WHAT TO DO>
Find the line with "this 1800×1012 image." in the data below. Repeat it and every line after it exactly, but not the pictures.

++++

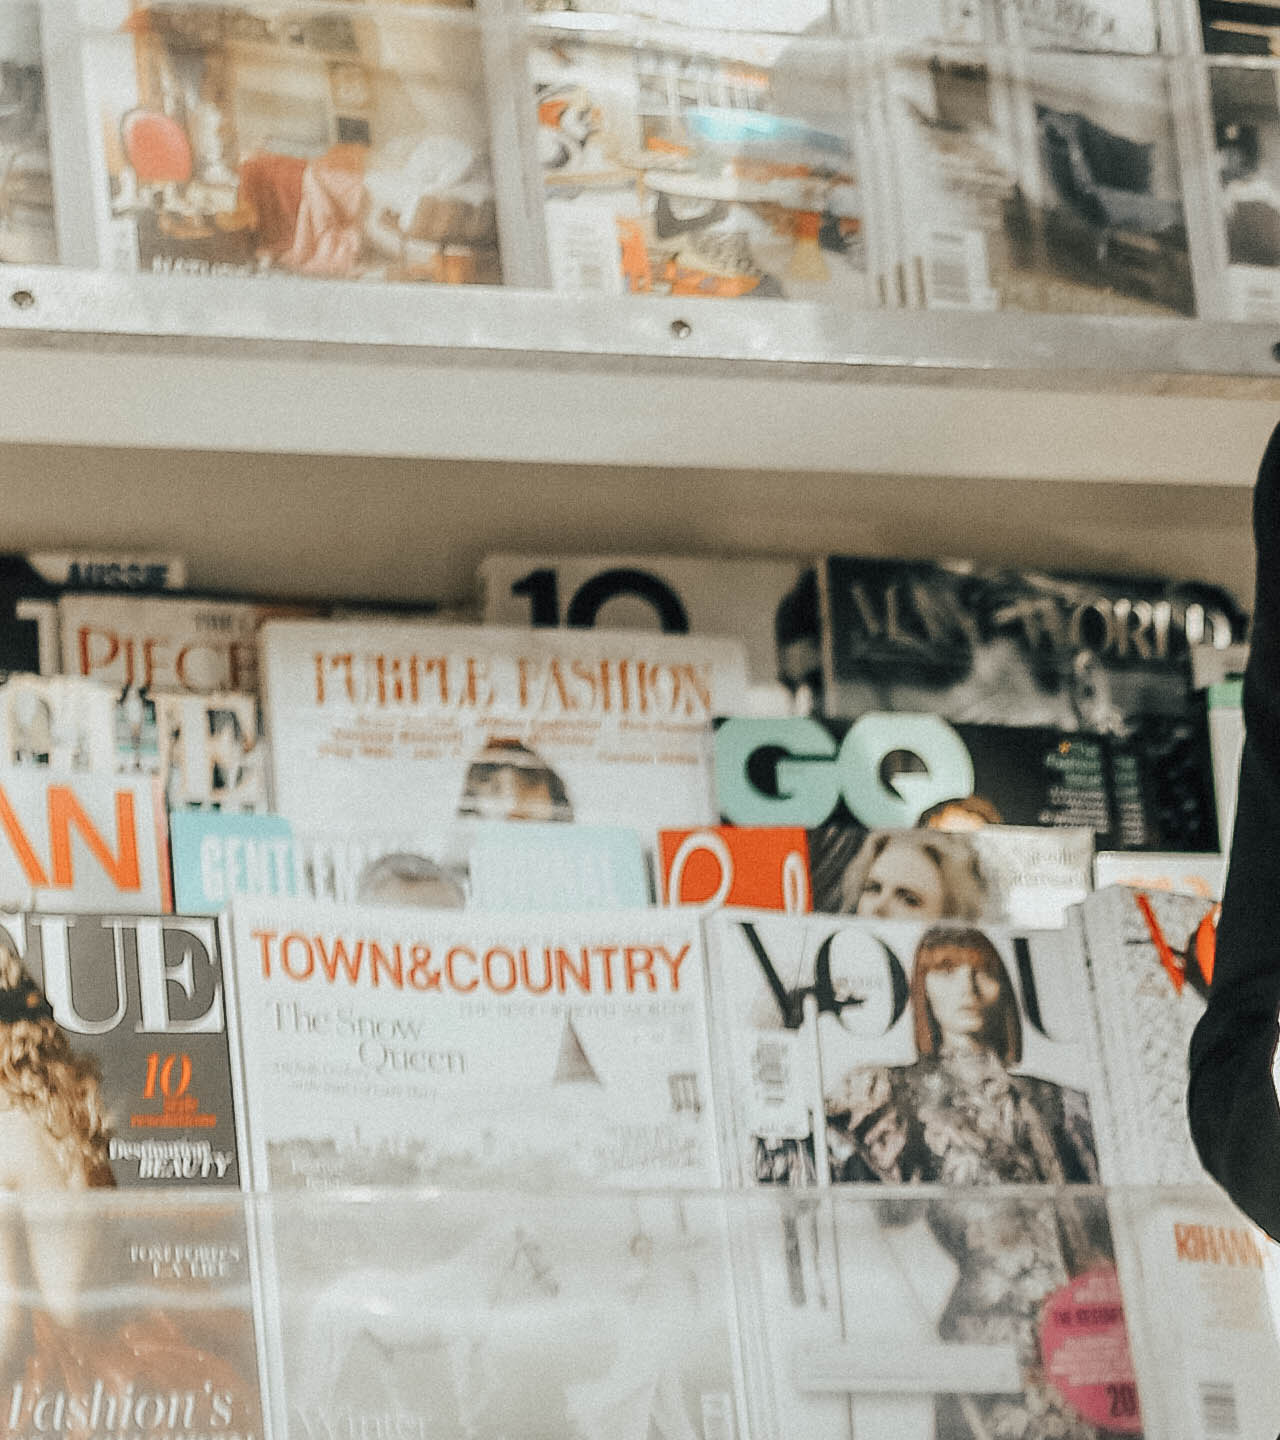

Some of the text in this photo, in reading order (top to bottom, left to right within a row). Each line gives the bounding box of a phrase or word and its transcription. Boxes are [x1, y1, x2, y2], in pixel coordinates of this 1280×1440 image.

[312, 651, 712, 712] PURPLE FASHION
[715, 711, 975, 831] GQ
[251, 929, 690, 996] TOWN&COUNTRY
[143, 1051, 193, 1099] 10
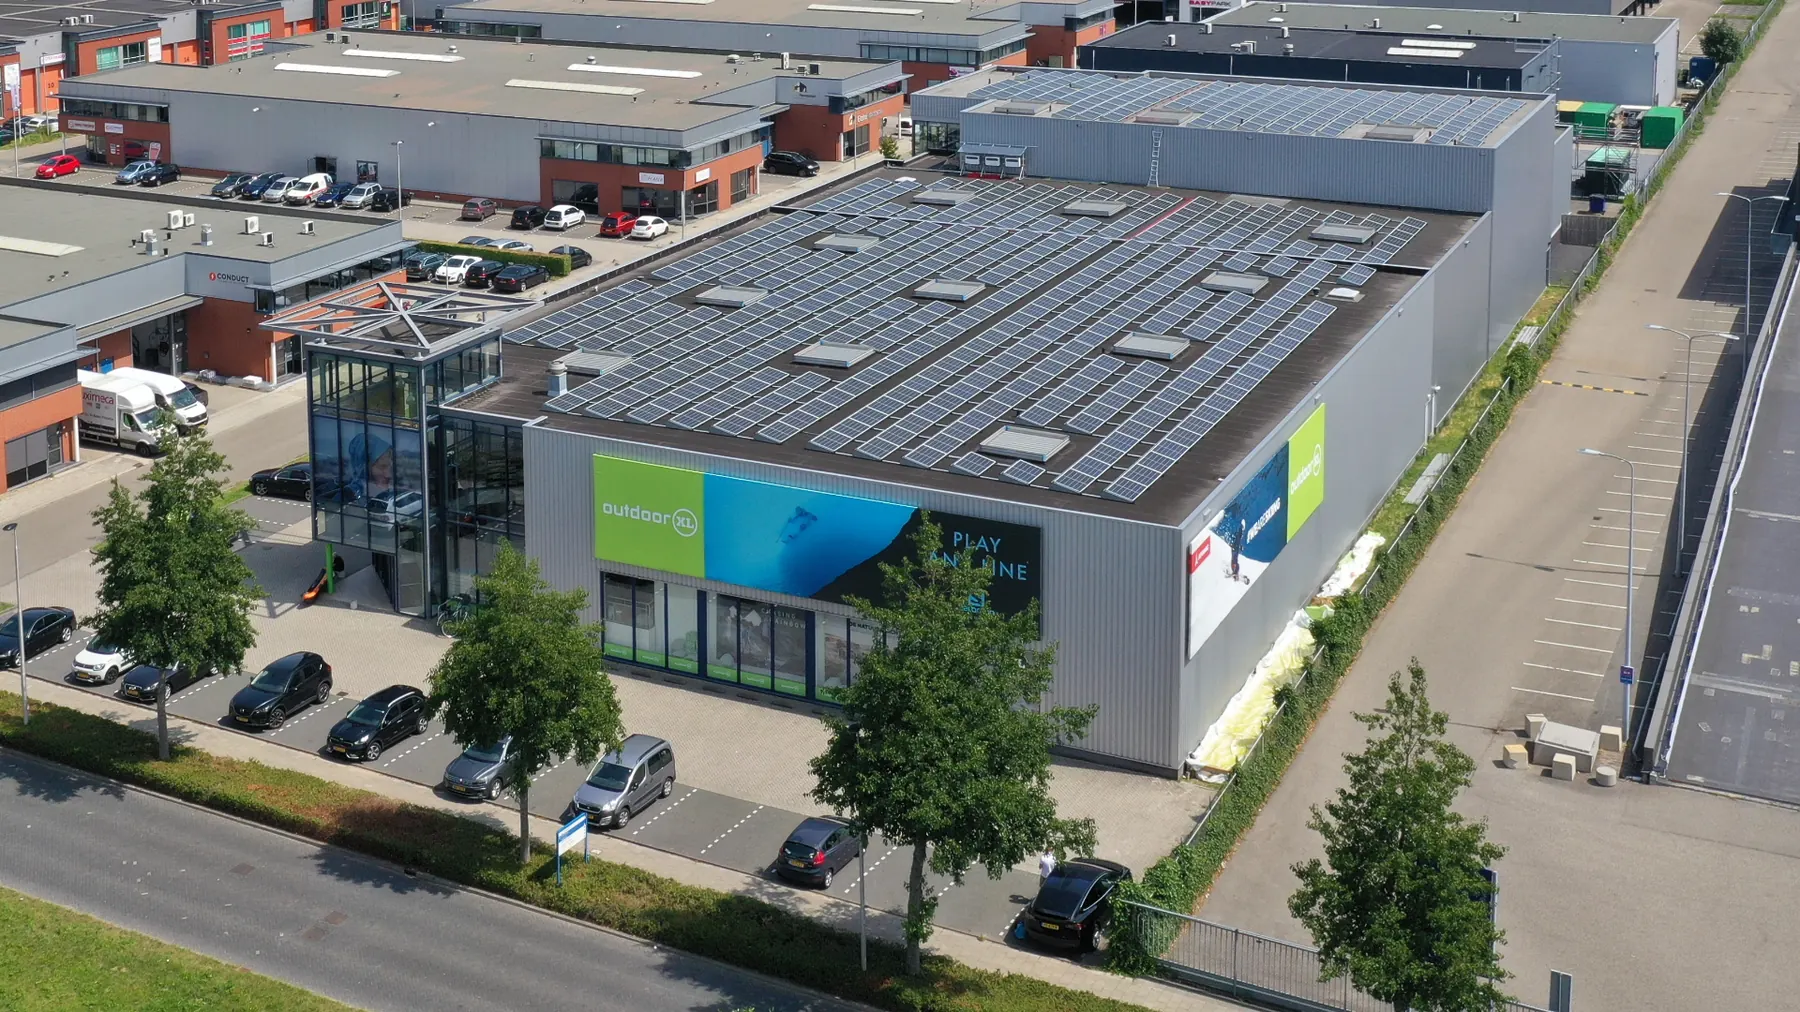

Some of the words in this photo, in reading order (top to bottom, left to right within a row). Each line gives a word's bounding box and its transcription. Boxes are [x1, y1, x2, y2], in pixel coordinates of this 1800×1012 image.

[216, 273, 249, 283] CONDUCT
[603, 502, 671, 525] outdoor
[953, 531, 1001, 553] PLAY
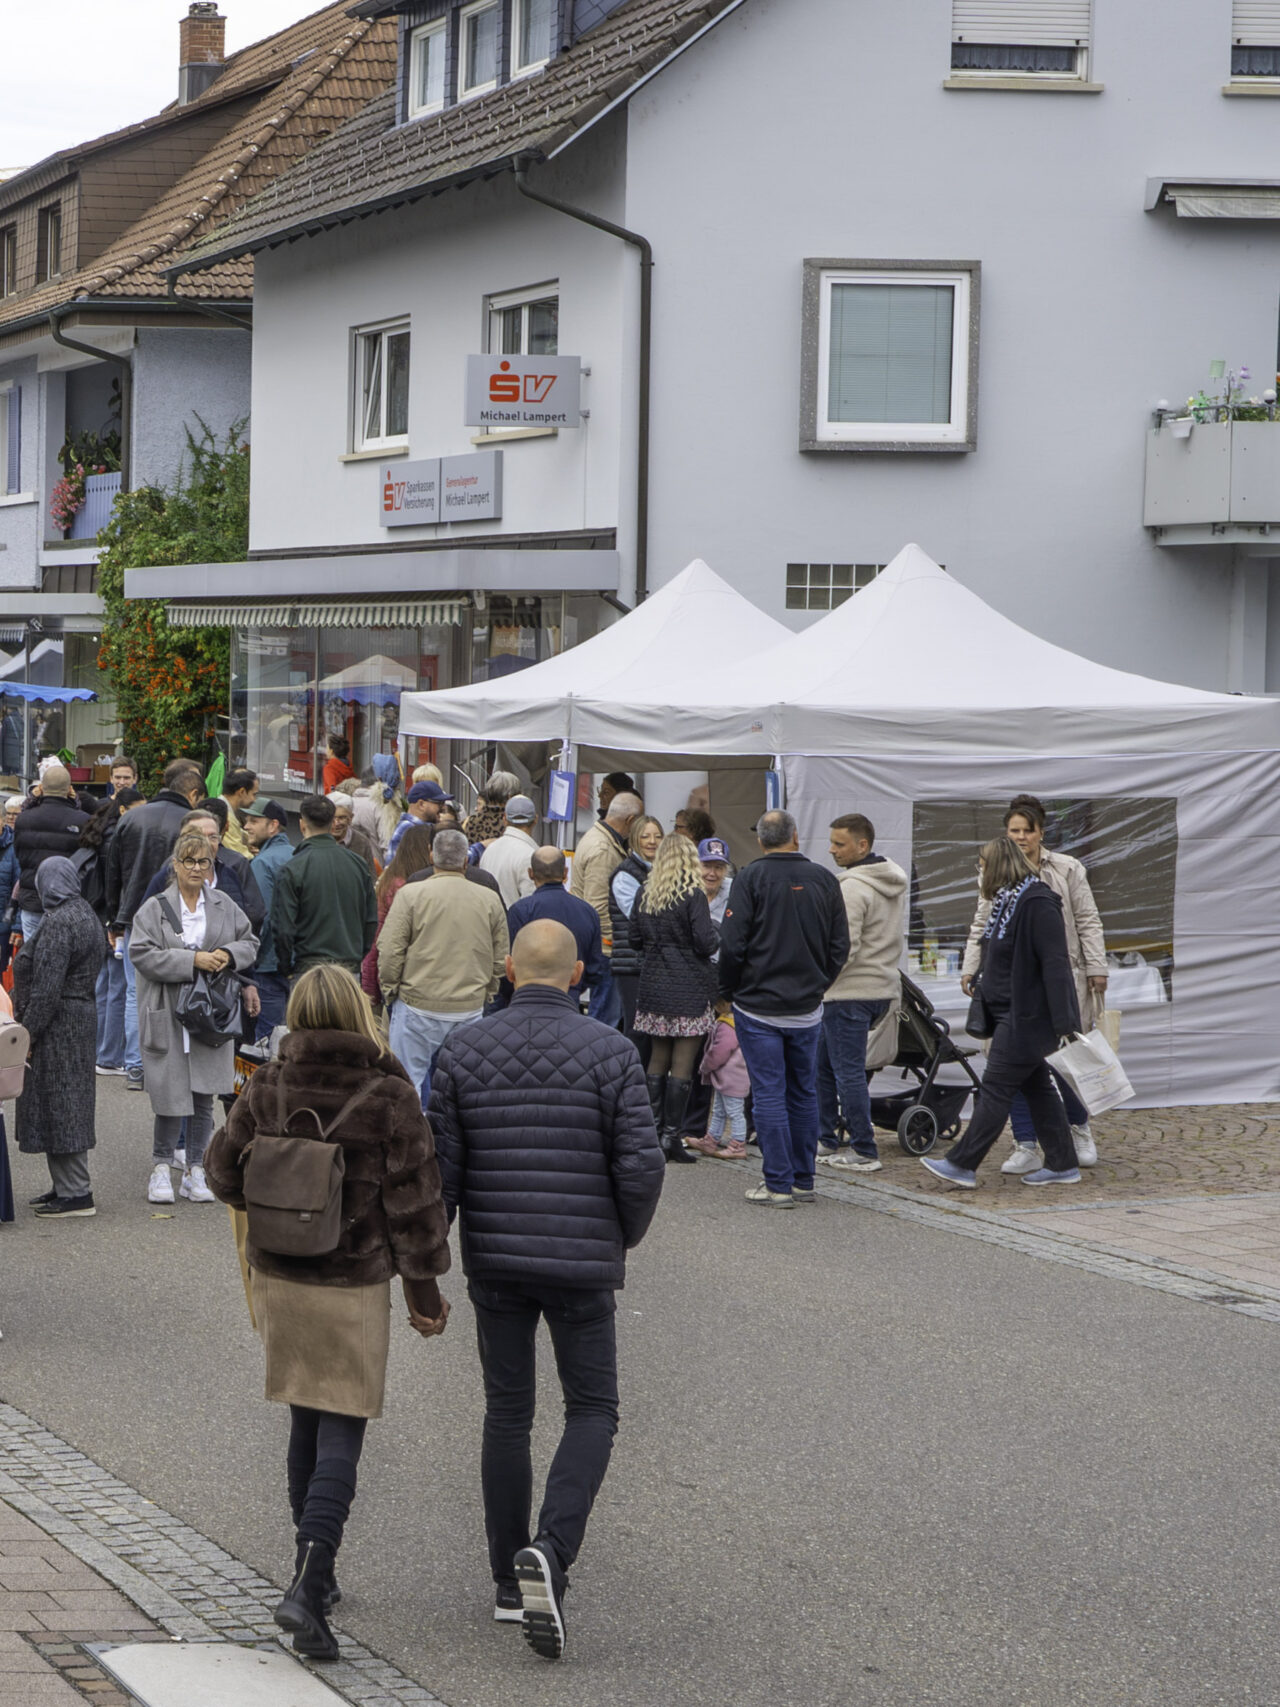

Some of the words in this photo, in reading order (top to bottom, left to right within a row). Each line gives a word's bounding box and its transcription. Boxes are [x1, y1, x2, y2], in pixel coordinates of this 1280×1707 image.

[480, 410, 520, 421] Michael
[523, 411, 567, 423] Lampert
[407, 480, 435, 496] Sparkassen
[446, 492, 466, 507] Michael
[467, 491, 490, 507] Lampert

++++

EXERCISE OUTPUT>
Some of the words in this photo, in reading order (top to bottom, left to right within a row). Each line gives a word's bounding box and its transcription. Boxes are [x1, y1, x2, y2], in pixel coordinates of this 1800×1012 image.

[216, 273, 249, 283] CONDUCT
[603, 502, 671, 525] outdoor
[953, 531, 1001, 553] PLAY

Some of the words in this photo, in reading order (top to bottom, left to right within a row). Each line gives a word's bounding box and its transcription. Boxes are [x1, y1, x2, y2], in pixel coordinates of this 1280×1707 image.

[480, 410, 520, 421] Michael
[523, 411, 567, 423] Lampert
[407, 480, 435, 496] Sparkassen
[446, 492, 466, 507] Michael
[467, 491, 490, 507] Lampert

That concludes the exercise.